Been there done that........Would not touch a heat pump in cold climate ( north) :

you never feel warm. ( see post 11)
cost a small fortune to run.
Maintenance high and life expectancies low.

Heat pumps in the northeast are pretty much a waste. My brother uses one in a relatively new home (he built in 2011) during the shoulder months and likes it. Propane furnace backup that rarely runs, but he uses a hot air wood furnace as his primary heat source.

I have to disagree.

A LOT of homes have heat pumps now here in eastern Canada, where january (coldest time of the year) temperature averages 10F, with drops below -20F.

All mini-splits I sell are heat pumps. Only one model in the whole line-up is sold as straight A/C and it's only 50$ less than the heat pump version... so you can imagine people all end up going for the HP.

Split heat pump systems are ~600$ more (entry level, what we sell mostly) for the heat pump VS A/C only.

They work really well and are cheap to run because our electricity rates are low. The ROI is rather quick. Of course, local utility rates dictate if a HP system makes sense or not.
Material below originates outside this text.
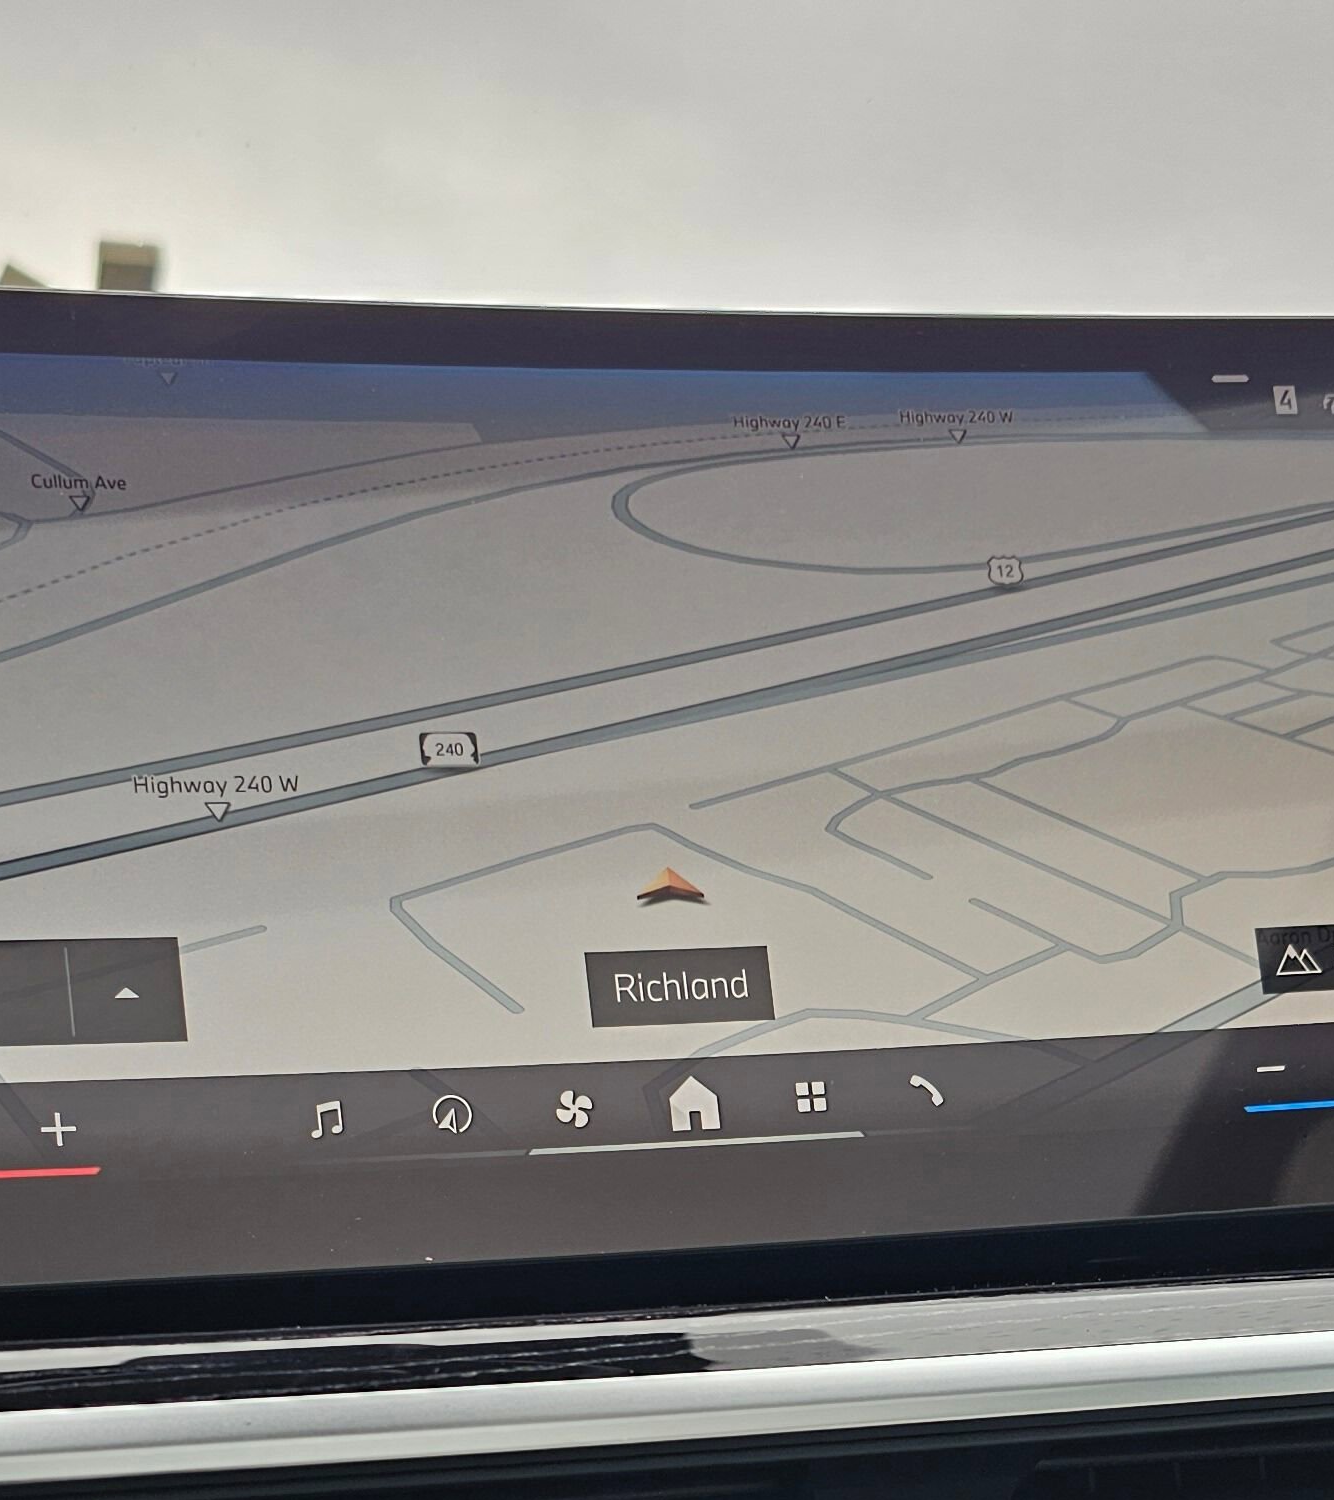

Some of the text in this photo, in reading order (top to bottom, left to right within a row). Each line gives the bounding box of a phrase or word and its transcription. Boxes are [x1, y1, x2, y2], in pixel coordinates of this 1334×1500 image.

Those who are used to their old furnace have to get used to their HP systems because the heat is less intense, but the comfort is often better because the HP runs longer and creates less temperature swings from short cycling.

I fail to see how they are high maintenance and have short life expectancies ? All system require basic maintenance, which will play a big role in life expectancy. We often see 15, 20+ yr old heat pumps still going...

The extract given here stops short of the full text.